射水市在住の山崎祐介さんは富山高等専門学校の非常勤講師(名誉教授)として学生の指導にあたられています。
山崎さんの社会人スタートは国際航路の航海士。
船乗りになって3年後、冬のアラスカ沖で遭難。
幸い命を落とすこともなく、怪我もありませんでした。
その後、海技大学校へ講師として派遣されます。
自身の遭難経験から、独学でヒューマンエラーについて研究をはじめ、2001年にインシデント(未然事故)研究により日本航海学会優秀論文賞を受賞。
2004年にはインシデントに関する出版により住田海事・海事史奨励賞を受賞されました。
—富山暮らしを選んだ理由は?
両親の介護のため、実家のある愛知県西尾市に戻ったのですが、その後、両親が他界。
大学に復職を希望してもポストがなく、1年の予定で富山高等専門学校商船学科の助教授として赴任しました。
家族も一緒です。
2年後、海技大学校へ復職のチャンスがあったのですが、住所を転々とするのは、子どものためによくないと思い、冨山で暮らすことを選びました。
大学に復職するのも魅力でしたが、それ以上に、富山に住むことで得るものは大きいですよ。
子育てには土の匂いのする環境がいいですよ。
水が美味いと米が美味い。
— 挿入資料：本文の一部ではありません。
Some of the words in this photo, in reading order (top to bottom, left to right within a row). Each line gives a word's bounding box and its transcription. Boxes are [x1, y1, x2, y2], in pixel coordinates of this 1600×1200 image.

米が美味いと酒が美味い。趣味の海釣りも楽しめる。
冨山には海、山、緑がたくさんあって精神的にほっとする。これは大変ありがたいことです。
東京までは空路で1時間、大阪にはJRで3時間。
静かに研究したものを都会で発表すれば、(田舎でも)勝負できます。
—住まいはどうされましたか?
富山に住む気持ちが高まった頃に、富山県の団地売却の公募に当たったんです。
それまでは官舎住まいでしたが、土地を購入して家を新築しました。
都会と比べて地価が安く、土地を求めやすいんです。
私の住んでいる射水市は、地域のつながりが強くて、伝統行事のお祭りにも子どもの頃から参加できる。
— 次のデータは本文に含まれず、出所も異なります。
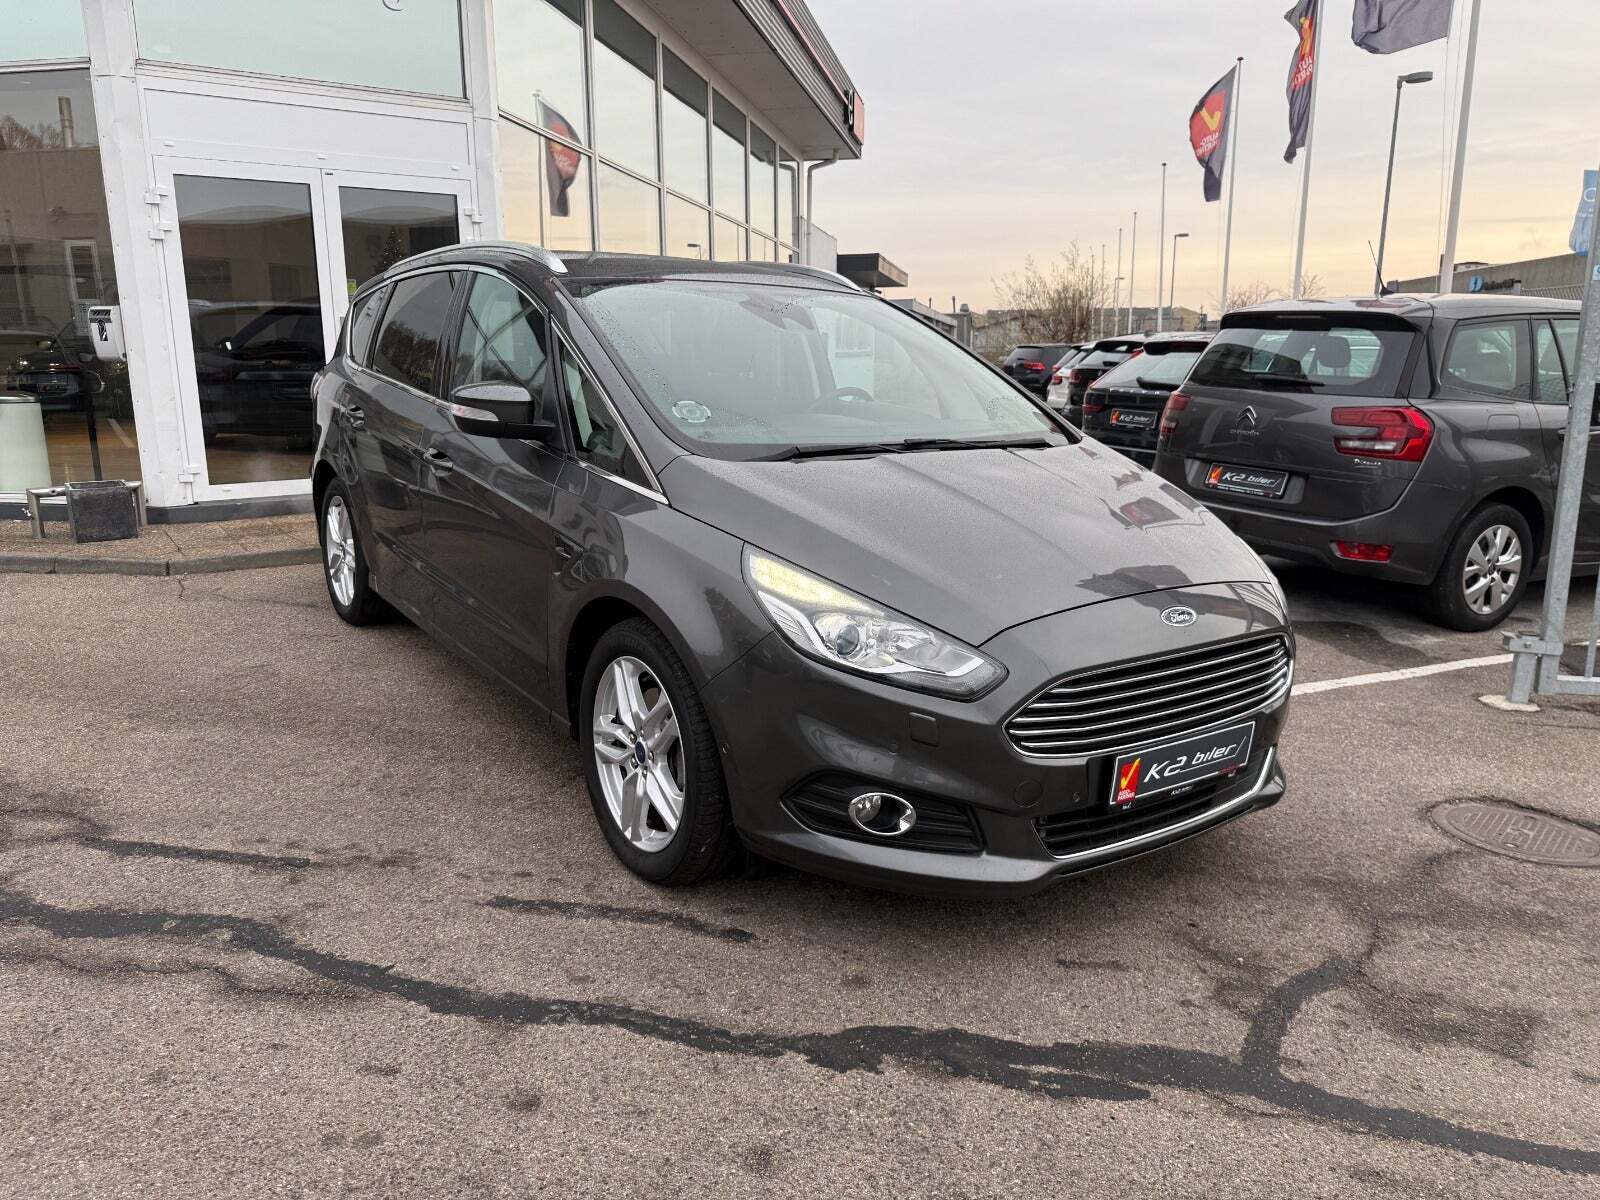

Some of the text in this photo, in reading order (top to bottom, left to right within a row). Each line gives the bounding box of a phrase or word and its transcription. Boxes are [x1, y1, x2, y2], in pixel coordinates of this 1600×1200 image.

[1222, 471, 1246, 482] K2
[1247, 475, 1275, 485] biler
[1143, 743, 1237, 783] K2 biler
そして自分の子どもと分け隔てなく、教えて育ててくれる、古きよき日本があります。
富山は第二の故郷。30年経験したのだから間違いないと思いますよ。
私にとっての富山暮らしの魅力は、突き詰めれば、お金や名誉を優先して求めない、本物の豊かな生活。
都会の友人達はみな羨ましいと言っています。
—富山県民の印象は?
富山の人は質素で勤労意欲が高い。
勉強する意味やその価値もわかっている。そのあたりが文化的だと思います。
これは伝統文化が背景にあるからだと思うんです。
私の住んでいる射水市新湊は万葉集に詠われたところ。歴史的にも客観的な評価がされている場所です。
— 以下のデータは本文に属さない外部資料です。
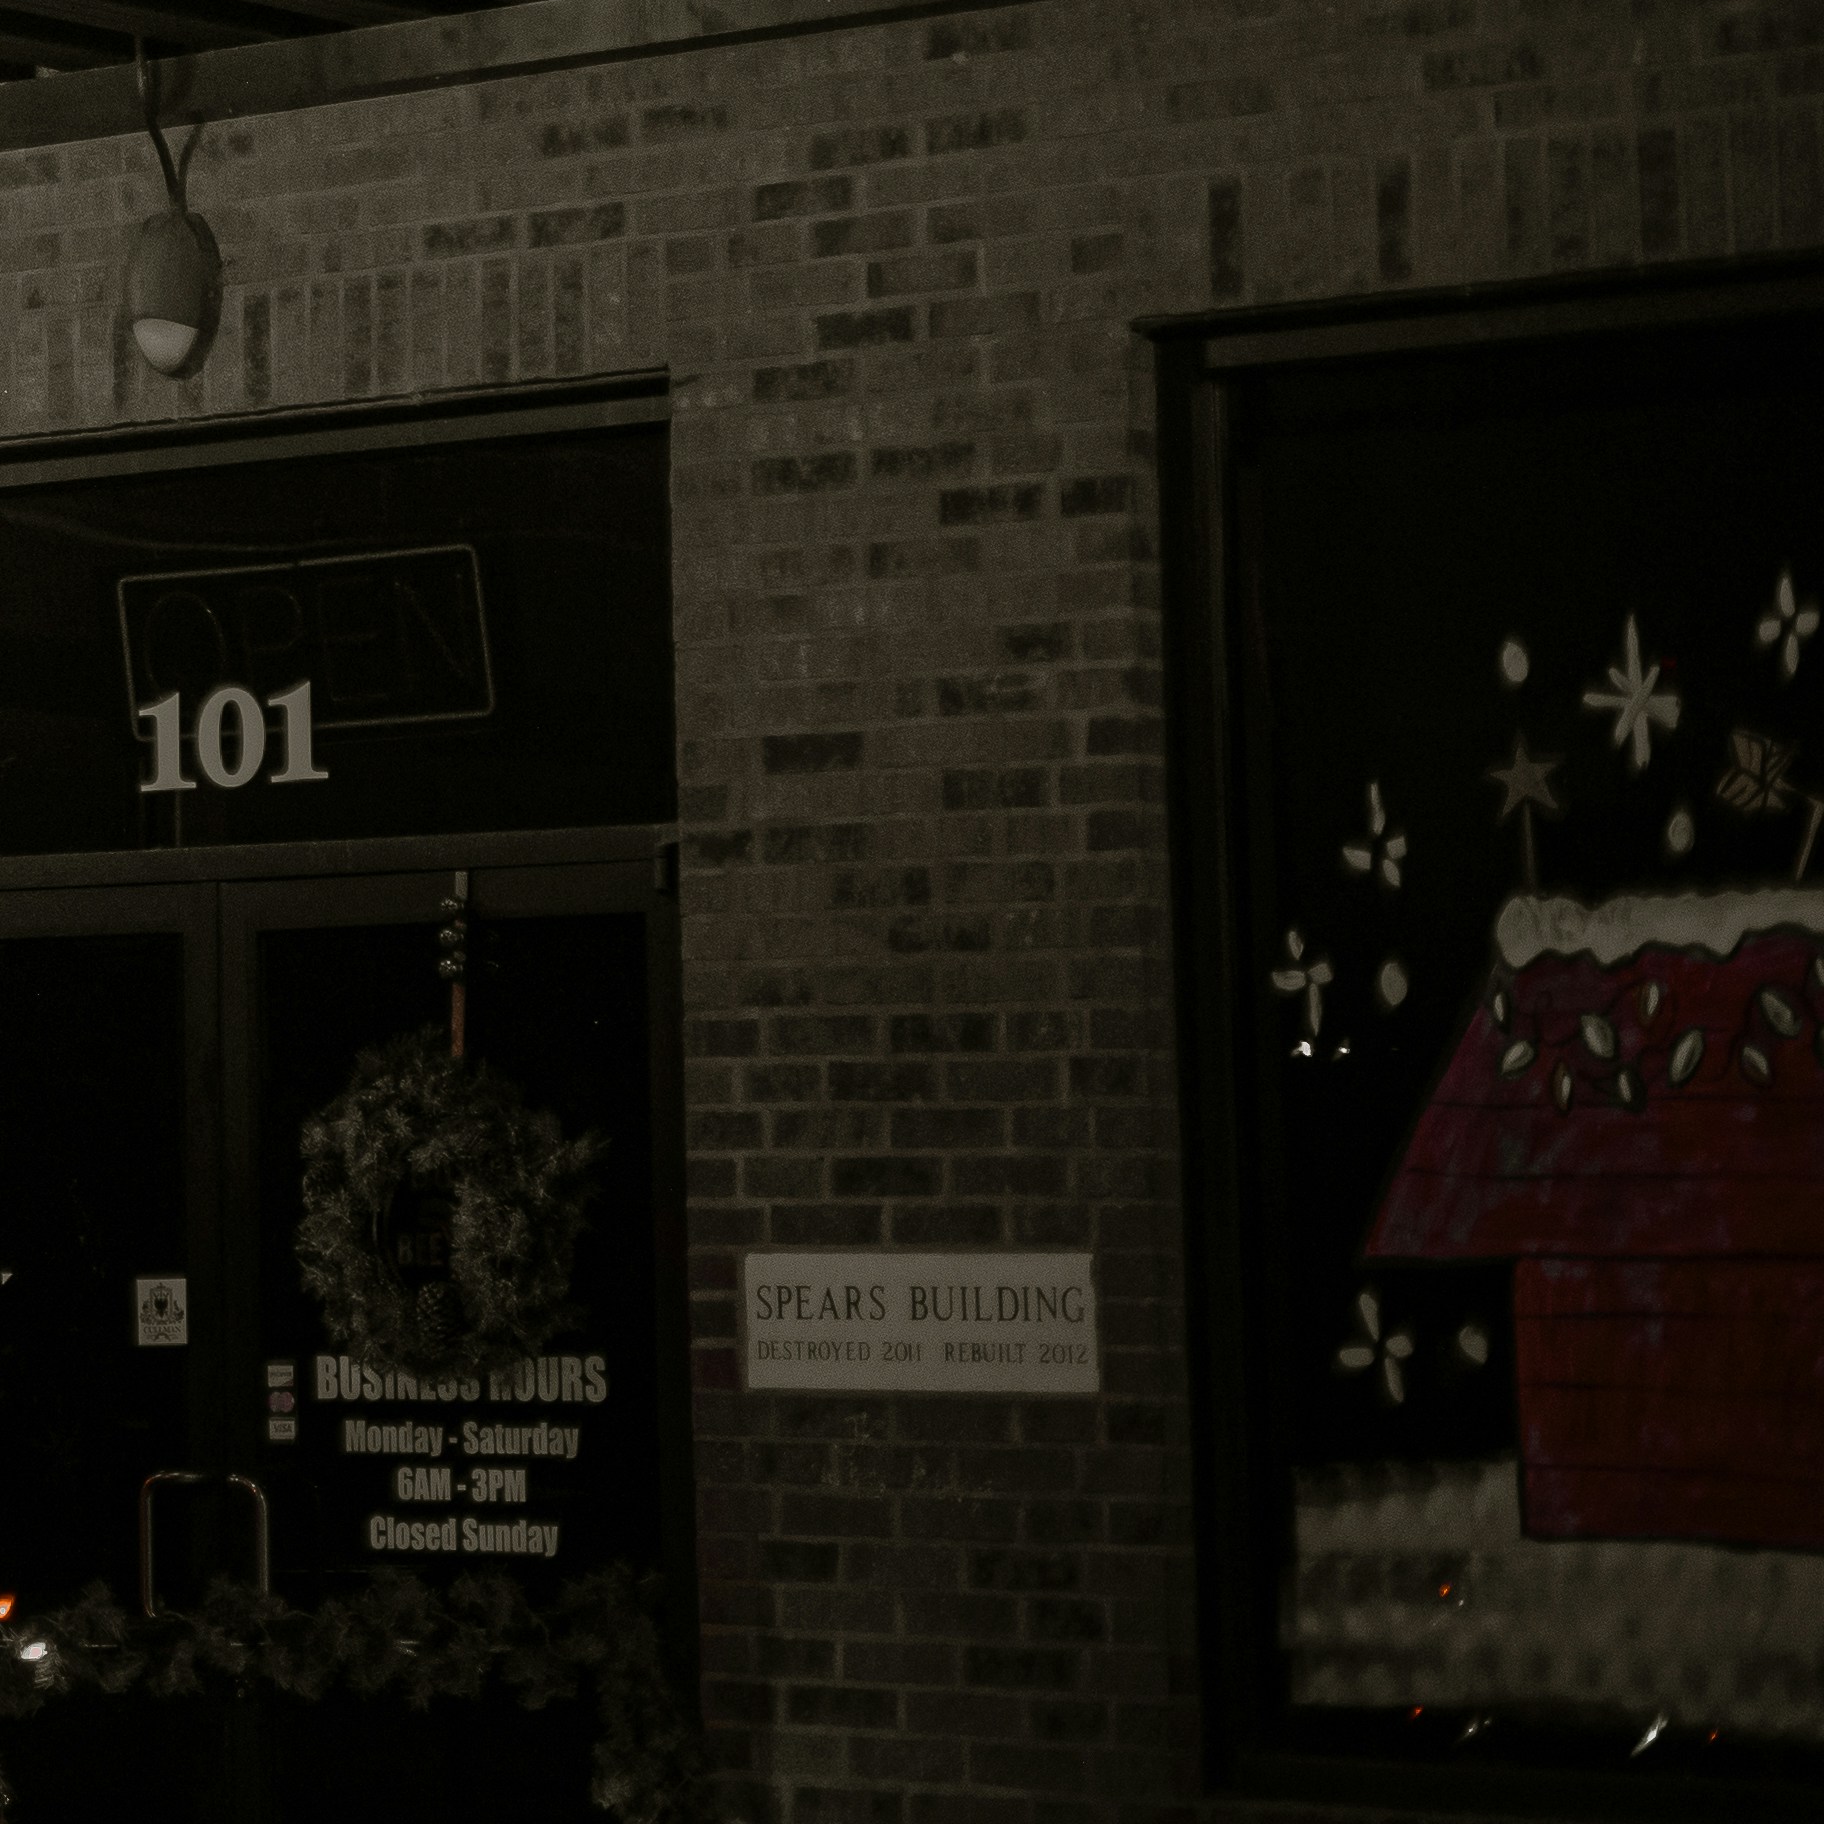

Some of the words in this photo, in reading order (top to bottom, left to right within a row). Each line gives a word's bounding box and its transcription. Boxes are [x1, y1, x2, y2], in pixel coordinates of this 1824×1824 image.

[143, 570, 474, 707] OPEN
[138, 680, 329, 793] 101
[756, 1284, 887, 1321] SPEARS
[910, 1285, 1085, 1323] BUILDING
[757, 1340, 871, 1362] DESTROYED
[882, 1341, 923, 1363] 2011
[944, 1341, 1027, 1364] REBUILT
[1038, 1342, 1090, 1365] 2012
[345, 1420, 443, 1457] Monday
[448, 1436, 458, 1444] -
[462, 1421, 579, 1459] Saturday
[397, 1466, 452, 1502] 6AM
[457, 1484, 467, 1492] -
[471, 1468, 527, 1503] 3PM
[370, 1515, 457, 1552] Closed
[462, 1517, 559, 1558] Sunday
富山に来る時に、妻の母が「あんな寒いところ」と言いましたが、雪が降るとアダモの「雪が降る」をカラオケで歌いますし、自然(雪)は大変だけど、ここらは除雪が行き届いているので、あまり不便は感じませんよ。
現在(私は)夫婦、犬14歳、猫15歳とゆったり暮らしていますが、子供たちはそれぞれ独立して、自分の夢を仕事にしています。
長男は井波町で彫刻の仕事、長女は新潟に嫁ぎましたが(引き続いて)音楽活動をしています。
二男は自然と接するのがいいと言って、庭師の国家資格を取得して、仕事をしています。
富山の環境がそうさせたのだと思います。
—田舎暮らしのために必要なことは?
富山は就職先が少ないようですが、高給を得るために、都会で我慢して暮らしている人もいます。
社会貢献が第一目的というなら少しはわかりますが、お金や物を中心にすると失うものが大きいと思います。
もっと、違う価値に目を向けてほしいですね。
若者は高学歴・高収入志向ですが、年を重ねると故郷に戻る人が多いようなので、若い世代に富山の魅力や地元に根付くような人生の価値観教育をする必要がありますよ。
現在は学生指導の傍ら、船舶安全学を確立された山崎さん。
研究成果として2006年に専門書「海事一般がわかる本」出版されました。
これからも、ますますのご活躍をお祈りしています。